Slow travel through night
We had lost track of time by then. We were moving, that’s all we knew. And it felt like as long as could remember we were always moving. But eventually we had left the forest and came back into a rural area. The roads were also getting better and it made us slightly hopeful. Until of course when we stopped… all of a sudden… behind a long line of cars. Something was going on ahead that had brought the traffic to standstill. After a bit of investigation we came to know that there were three gigantic bulldozers ahead which were moving slowly and the road was too narrow for them to give way to other vehicles. And that’s why we started slow travel behind these giants.
It was quite dark by then and traveling at this speed made us feel the full spectrum of the day. We started much before sunrise, we saw the day breaking and slowly turning into noon, then we experienced the sunset by the river and witnessed the darkness slowly spreading again. Now it was as dark as the time when we started and we were nowhere close to reaching. This was indeed frustrating. And at that moment we all must have wondered, was it worth it coming all this way!
I am not sure how long this travel persisted. Hard to say. But it felt like a long long time. Eventually and one at a time each of those enormous vehicles found a place to park by the side of road and gave way to the cars. And eventually we left them behind and moved ahead. But by that time our mood was sullen and the journey was starting to get unbearable.
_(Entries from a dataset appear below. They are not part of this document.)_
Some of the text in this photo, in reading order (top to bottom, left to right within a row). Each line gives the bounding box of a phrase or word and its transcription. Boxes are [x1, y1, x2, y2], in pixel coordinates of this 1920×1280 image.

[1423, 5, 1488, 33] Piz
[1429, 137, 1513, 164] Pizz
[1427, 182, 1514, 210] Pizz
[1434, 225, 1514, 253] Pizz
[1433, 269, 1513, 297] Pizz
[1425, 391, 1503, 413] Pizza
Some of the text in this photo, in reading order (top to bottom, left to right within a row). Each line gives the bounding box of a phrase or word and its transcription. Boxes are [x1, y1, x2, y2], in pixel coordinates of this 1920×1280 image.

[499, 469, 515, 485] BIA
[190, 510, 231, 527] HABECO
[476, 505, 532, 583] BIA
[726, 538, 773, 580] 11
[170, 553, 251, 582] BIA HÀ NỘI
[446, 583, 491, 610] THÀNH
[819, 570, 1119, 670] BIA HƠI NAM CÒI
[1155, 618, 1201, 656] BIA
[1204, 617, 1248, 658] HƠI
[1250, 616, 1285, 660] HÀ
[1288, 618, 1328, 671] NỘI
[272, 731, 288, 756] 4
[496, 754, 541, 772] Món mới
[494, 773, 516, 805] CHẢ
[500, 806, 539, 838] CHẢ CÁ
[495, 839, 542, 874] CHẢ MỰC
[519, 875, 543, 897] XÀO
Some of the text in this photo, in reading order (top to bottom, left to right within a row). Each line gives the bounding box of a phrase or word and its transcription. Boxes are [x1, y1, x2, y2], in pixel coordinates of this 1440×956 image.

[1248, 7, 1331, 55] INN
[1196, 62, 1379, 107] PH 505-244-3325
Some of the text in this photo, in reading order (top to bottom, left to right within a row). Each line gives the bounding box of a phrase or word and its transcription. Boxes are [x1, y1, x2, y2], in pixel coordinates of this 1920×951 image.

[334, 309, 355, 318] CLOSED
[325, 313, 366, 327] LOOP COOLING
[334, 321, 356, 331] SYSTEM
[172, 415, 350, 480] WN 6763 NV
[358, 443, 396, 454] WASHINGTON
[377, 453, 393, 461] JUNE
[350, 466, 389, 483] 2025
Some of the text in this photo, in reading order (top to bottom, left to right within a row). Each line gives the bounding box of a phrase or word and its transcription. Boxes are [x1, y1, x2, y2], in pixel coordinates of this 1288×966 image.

We entered Diglipur after 7 PM. I discovered to my utter surprize that this was actually a big town. Maybe biggest in Andamans, even considering Port Blair. The roads were wide and in good condition. And after last few hours of travel this place suddenly felt too much alive with its people and shops and lights. But journey wasn’t over for us yet. The hotel that we were going to, in fact the only good resort of Diglipur, was another 25 km from the town.
|Pristine Beach Resort|
So we crossed the town, left the lights and the people and drove into the darkness once again. We went through villages and hills and barren lands. We passed by the sea very closely once. And another forty minutes of drive later we finally saw the lights of our hotel – Pristine Beach Resort. And there after 16 hours on road, we finally, finally ended the longest journey I ever had.